(Referring expression grounding data)
========================================================================

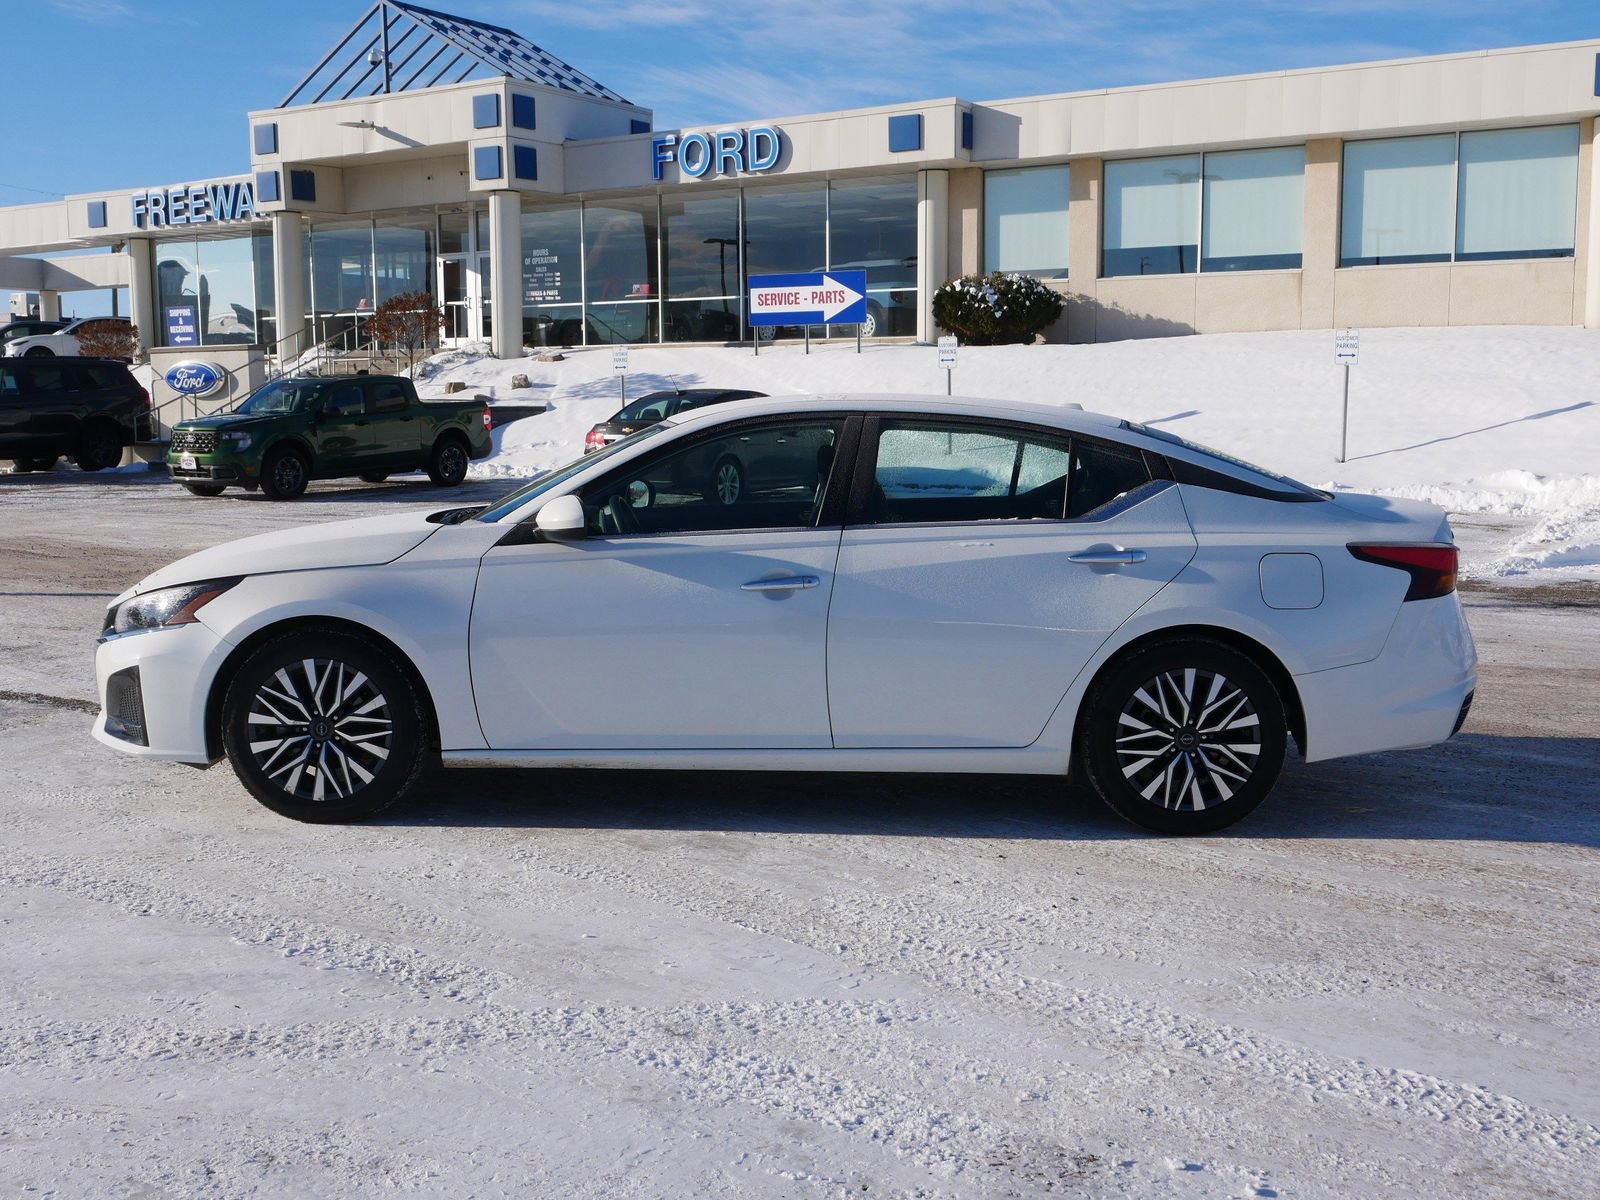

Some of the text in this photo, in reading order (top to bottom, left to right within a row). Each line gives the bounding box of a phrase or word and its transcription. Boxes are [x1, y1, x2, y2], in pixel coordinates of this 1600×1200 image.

[653, 126, 779, 180] FORD
[132, 182, 258, 227] FREEWA
[532, 256, 557, 264] OPERATION
[758, 292, 800, 306] SERVICE
[811, 290, 845, 304] PARTS
[174, 367, 205, 388] Ford
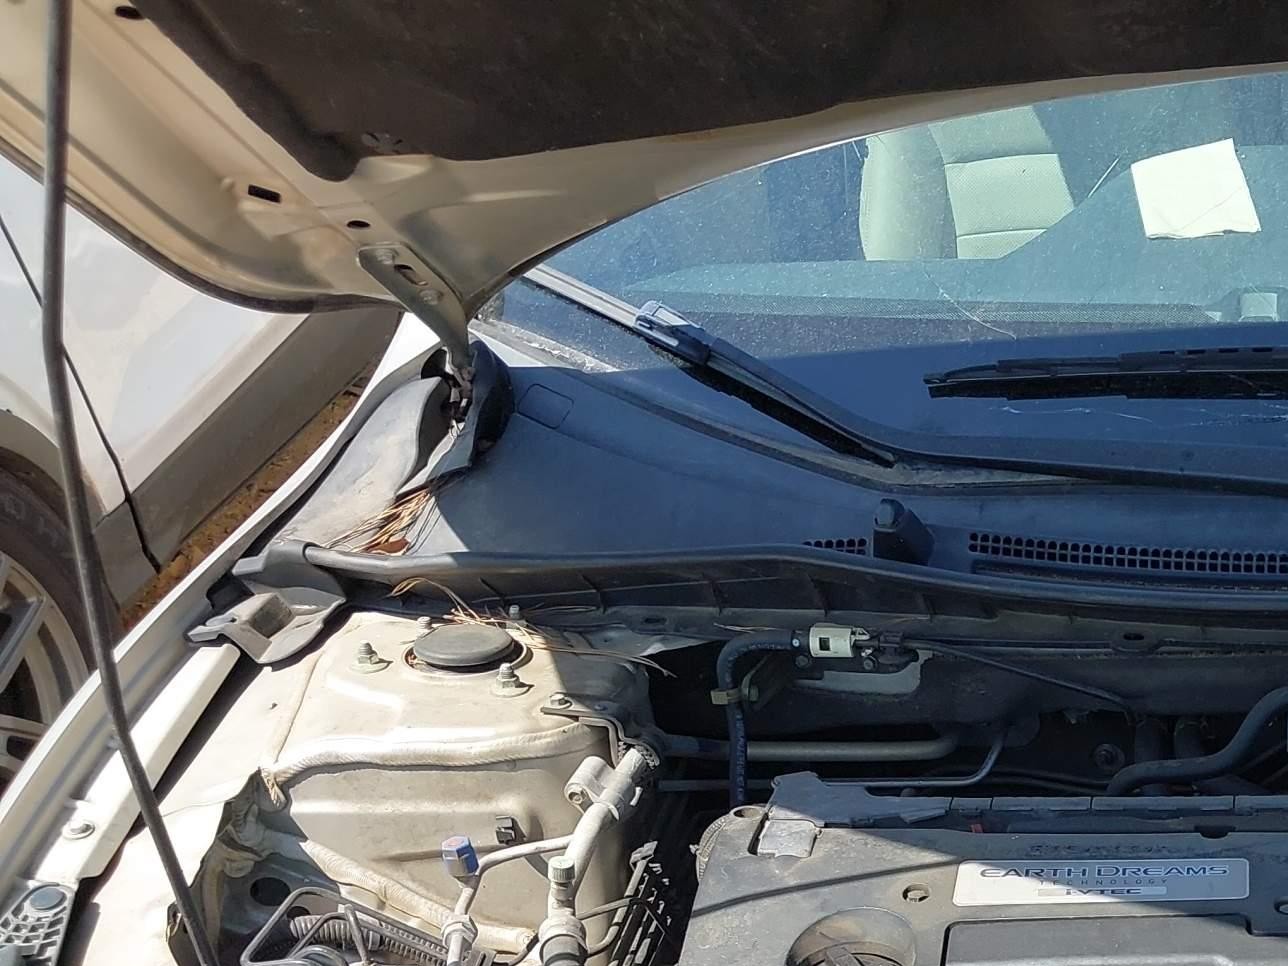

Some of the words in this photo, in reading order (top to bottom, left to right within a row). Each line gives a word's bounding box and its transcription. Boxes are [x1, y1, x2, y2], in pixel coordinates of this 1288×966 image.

[980, 866, 1088, 879] EARTH
[1096, 864, 1229, 877] DREAMS
[1040, 878, 1169, 886] TECHNOLOGY
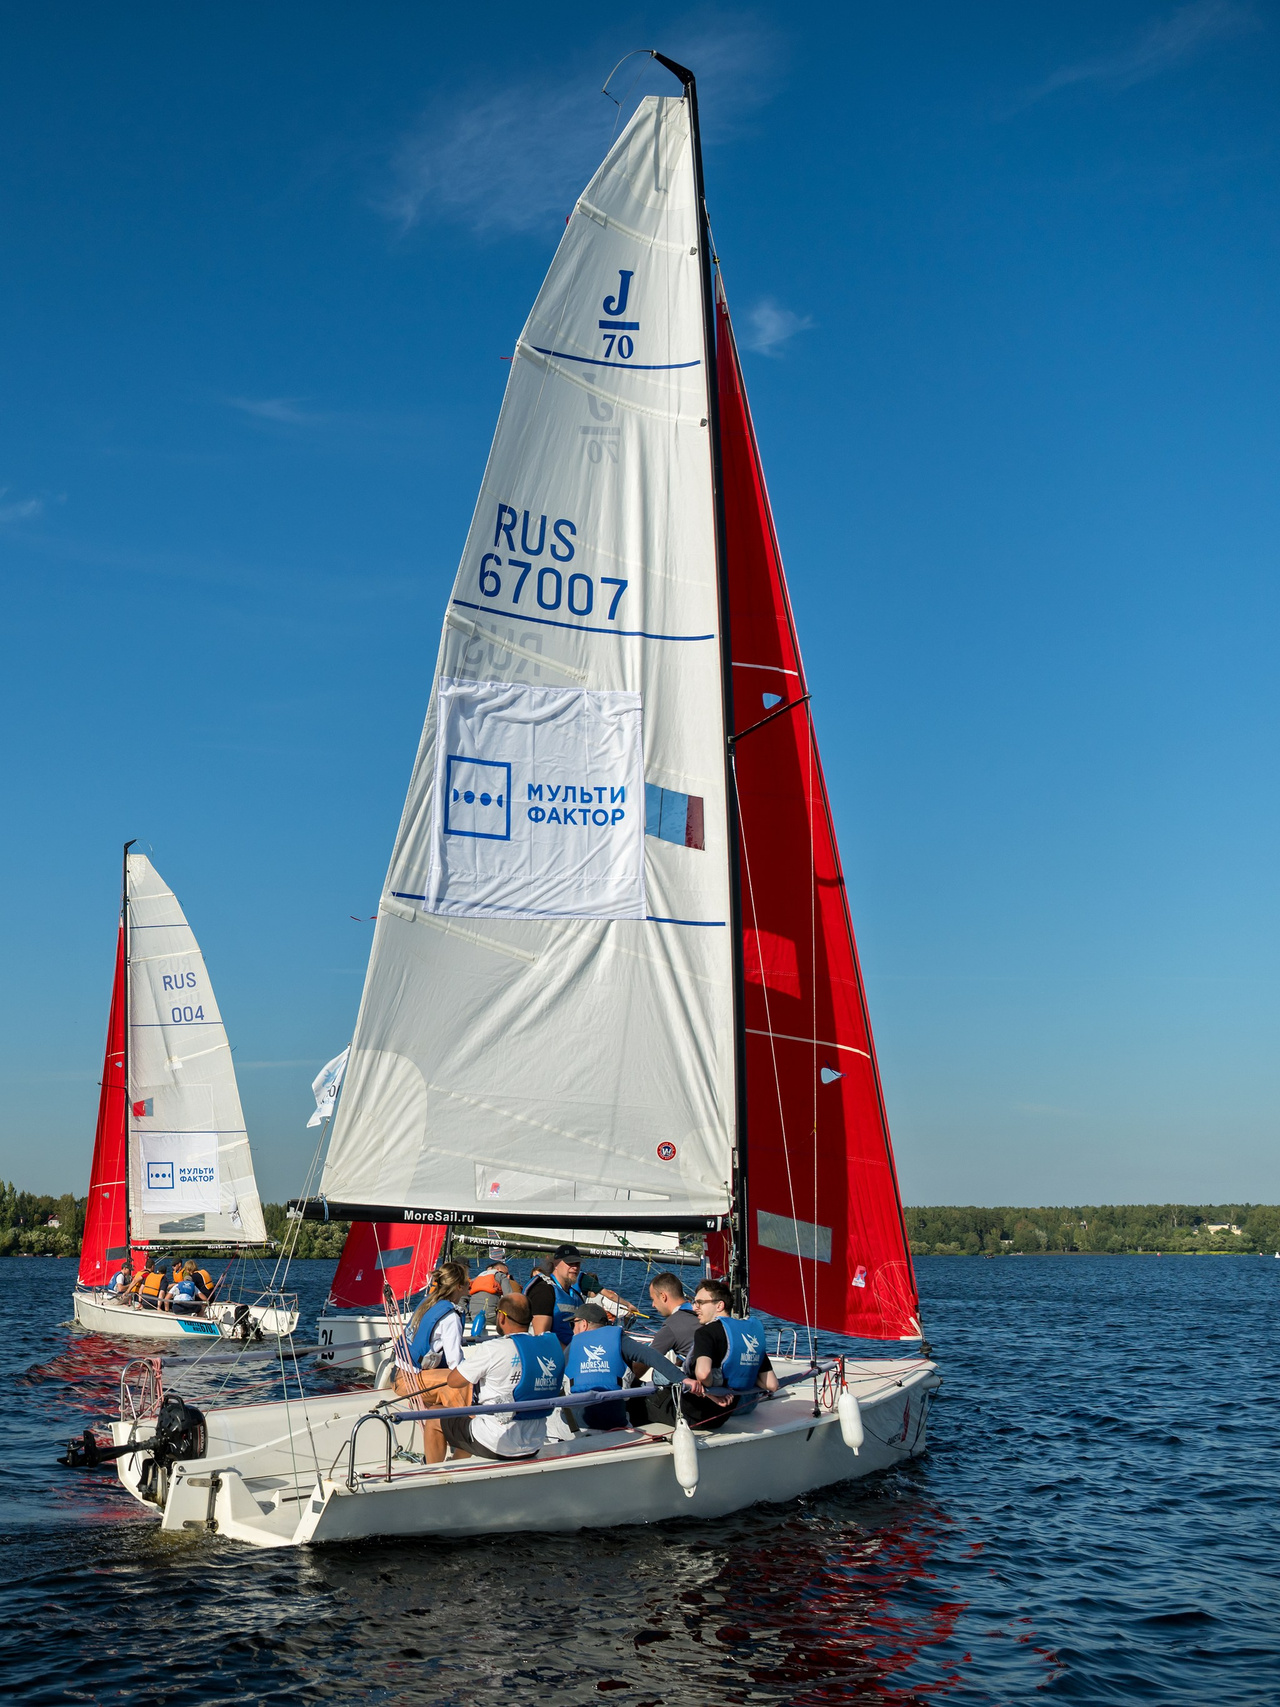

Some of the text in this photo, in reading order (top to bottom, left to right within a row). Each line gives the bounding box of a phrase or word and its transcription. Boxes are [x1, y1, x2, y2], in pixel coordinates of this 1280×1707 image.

[602, 269, 635, 316] J
[602, 333, 634, 360] 70
[494, 502, 577, 563] RUS
[478, 552, 629, 621] 67007
[527, 783, 626, 804] МУЛЬТИ
[527, 805, 626, 827] ФАКТОР
[162, 971, 197, 991] RUS
[171, 1005, 205, 1023] 004
[179, 1167, 214, 1175] МУЛЬТИ
[179, 1175, 214, 1183] ФАКТОР
[403, 1209, 475, 1223] MoreSail.ru
[580, 1360, 610, 1370] MORESAIL
[175, 1475, 184, 1486] 7
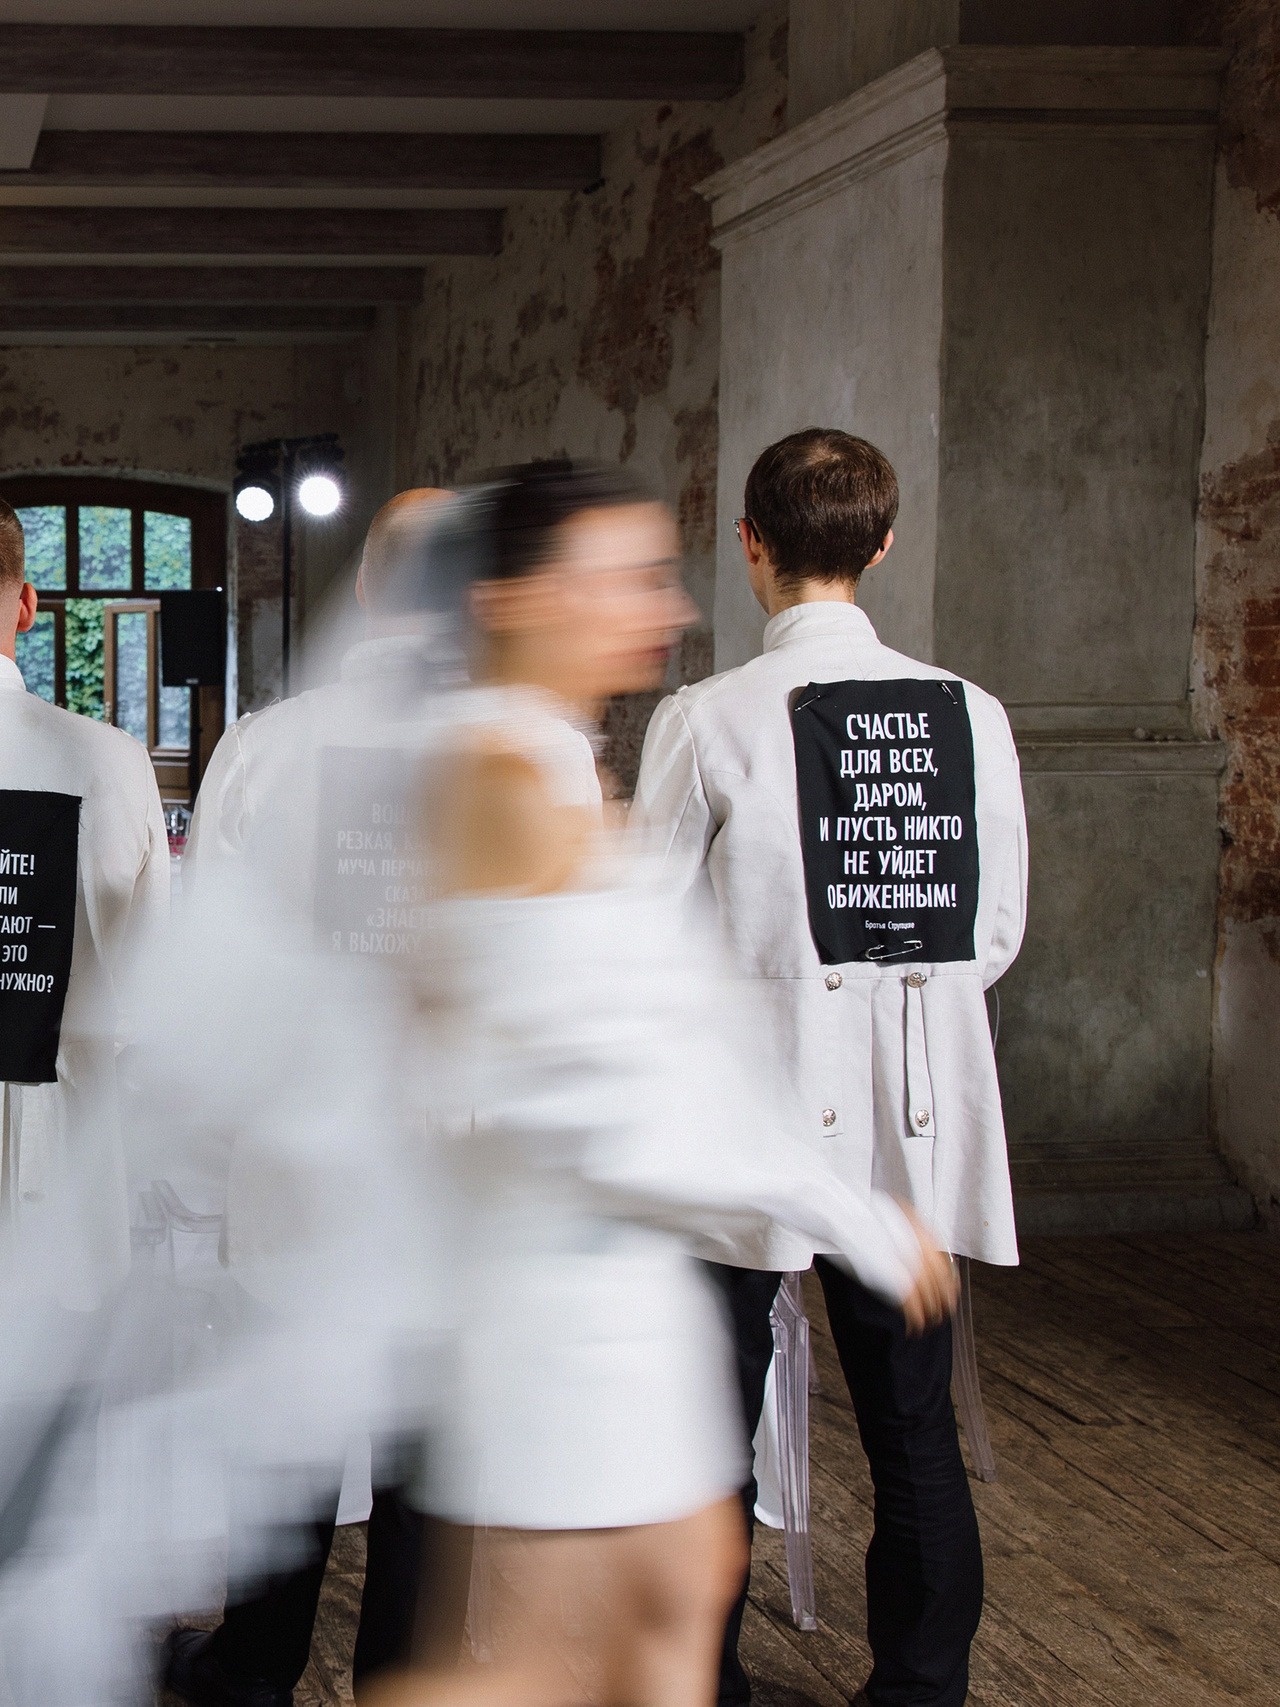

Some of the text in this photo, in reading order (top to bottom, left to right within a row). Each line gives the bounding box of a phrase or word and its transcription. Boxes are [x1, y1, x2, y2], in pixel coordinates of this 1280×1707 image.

[847, 713, 930, 740] СЧАСТЬЕ
[840, 748, 938, 778] ДЛЯ ВСЕХ,
[854, 782, 927, 812] ДАРОМ,
[820, 815, 962, 841] И ПУСТЬ НИКТО
[337, 859, 376, 876] МУЧА
[844, 845, 937, 879] НЕ УЙДЕТ
[828, 884, 956, 909] ОБИЖЕННЫМ!
[865, 920, 886, 930] Братья
[2, 945, 27, 962] ЭТО
[332, 931, 342, 952] Я

========================================================================

## Task instructions
A verbatim copy of the data, pictures removed, is the expected result.

## Solved exercise
Some of the text in this photo, in reading order (top to bottom, left to right within a row). Each line gives the bounding box of a phrase or word and its transcription. Boxes are [x1, y1, x2, y2], in pixel coordinates of this 1600×1200 image.

[653, 126, 779, 180] FORD
[132, 182, 258, 227] FREEWA
[532, 256, 557, 264] OPERATION
[758, 292, 800, 306] SERVICE
[811, 290, 845, 304] PARTS
[174, 367, 205, 388] Ford

Some of the words in this photo, in reading order (top to bottom, left to right within a row). Each line gives a word's bounding box and its transcription. Boxes are [x1, y1, x2, y2], in pixel coordinates of this 1288×966 image.

[980, 866, 1088, 879] EARTH
[1096, 864, 1229, 877] DREAMS
[1040, 878, 1169, 886] TECHNOLOGY

Some of the text in this photo, in reading order (top to bottom, left to right within a row). Each line gives the bounding box of a phrase or word and its transcription. Boxes are [x1, y1, x2, y2], in pixel coordinates of this 1280×1707 image.

[602, 269, 635, 316] J
[602, 333, 634, 360] 70
[494, 502, 577, 563] RUS
[478, 552, 629, 621] 67007
[527, 783, 626, 804] МУЛЬТИ
[527, 805, 626, 827] ФАКТОР
[162, 971, 197, 991] RUS
[171, 1005, 205, 1023] 004
[179, 1167, 214, 1175] МУЛЬТИ
[179, 1175, 214, 1183] ФАКТОР
[403, 1209, 475, 1223] MoreSail.ru
[580, 1360, 610, 1370] MORESAIL
[175, 1475, 184, 1486] 7

Some of the text in this photo, in reading order (top to bottom, left to right within a row). Each line gives the bounding box of a phrase or word and its transcription. Boxes are [x1, y1, x2, y2], in pixel coordinates of this 1280×1707 image.

[847, 713, 930, 740] СЧАСТЬЕ
[840, 748, 938, 778] ДЛЯ ВСЕХ,
[854, 782, 927, 812] ДАРОМ,
[820, 815, 962, 841] И ПУСТЬ НИКТО
[337, 859, 376, 876] МУЧА
[844, 845, 937, 879] НЕ УЙДЕТ
[828, 884, 956, 909] ОБИЖЕННЫМ!
[865, 920, 886, 930] Братья
[2, 945, 27, 962] ЭТО
[332, 931, 342, 952] Я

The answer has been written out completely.